## [Task material]
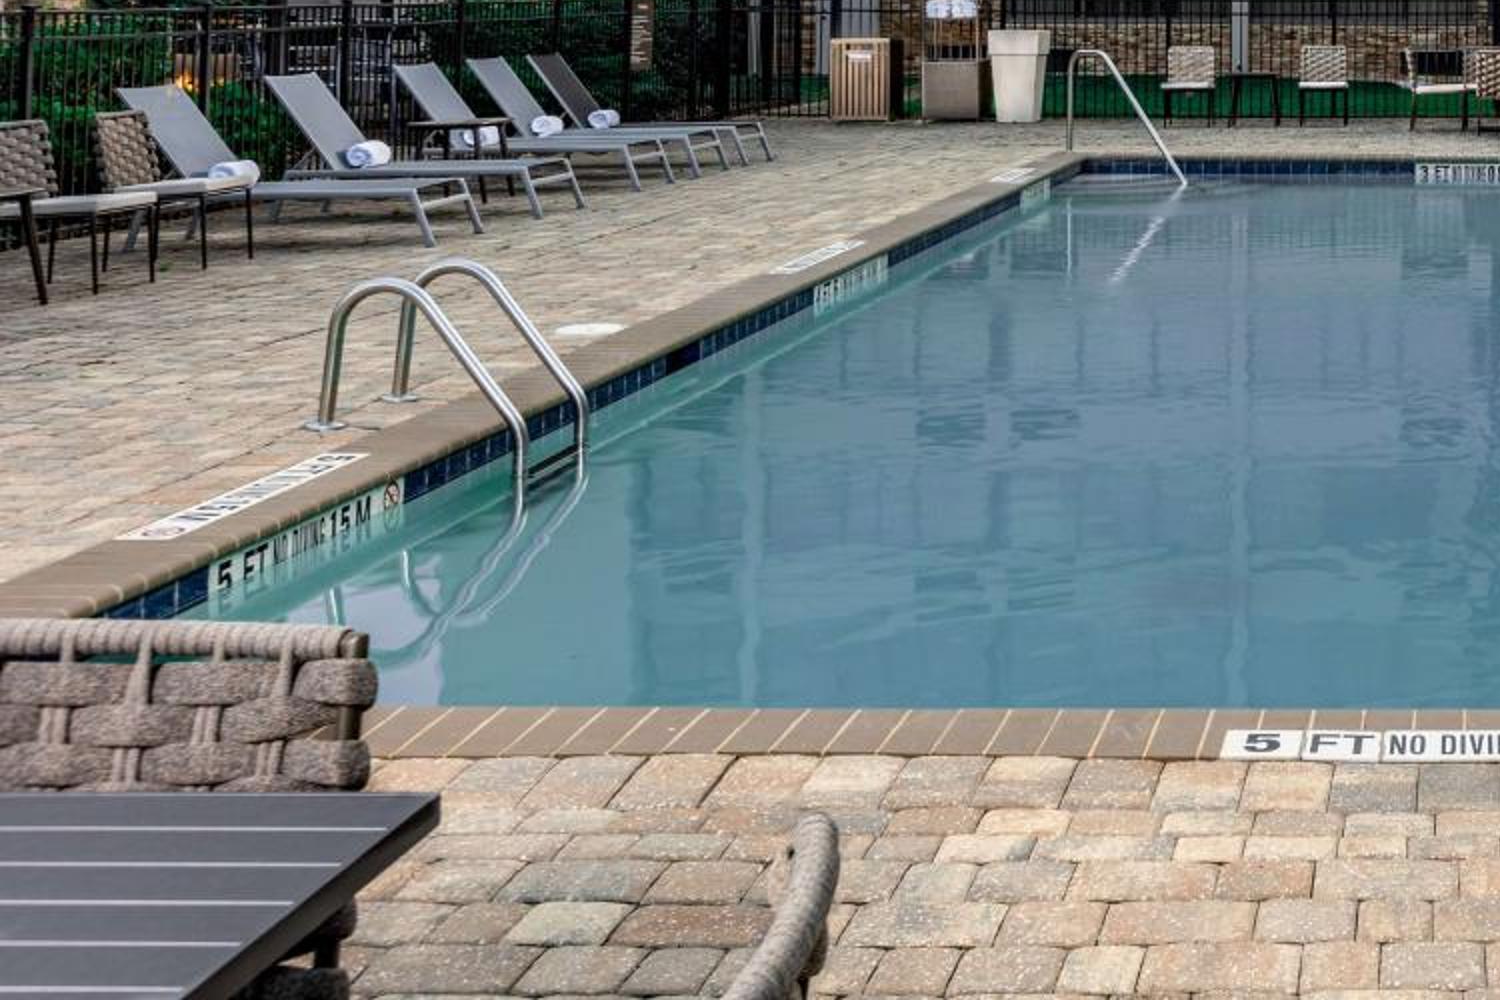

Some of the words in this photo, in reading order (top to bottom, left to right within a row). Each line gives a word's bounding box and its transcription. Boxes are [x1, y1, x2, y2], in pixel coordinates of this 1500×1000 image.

[217, 559, 233, 590] 5
[244, 543, 269, 581] FT
[356, 494, 371, 527] M
[1243, 733, 1281, 753] 5
[1309, 733, 1375, 755] FT
[1389, 734, 1427, 755] NO

## [Exercise details]
Images must not appear; print each record precisely as it reads.

## [Result of this task]
Some of the words in this photo, in reading order (top to bottom, left to right within a row). Each line gives a word's bounding box and its transcription. Boxes are [x1, y1, x2, y2], in pixel coordinates of this 1500×1000 image.

[217, 559, 233, 590] 5
[244, 543, 269, 581] FT
[356, 494, 371, 527] M
[1243, 733, 1281, 753] 5
[1309, 733, 1375, 755] FT
[1389, 734, 1427, 755] NO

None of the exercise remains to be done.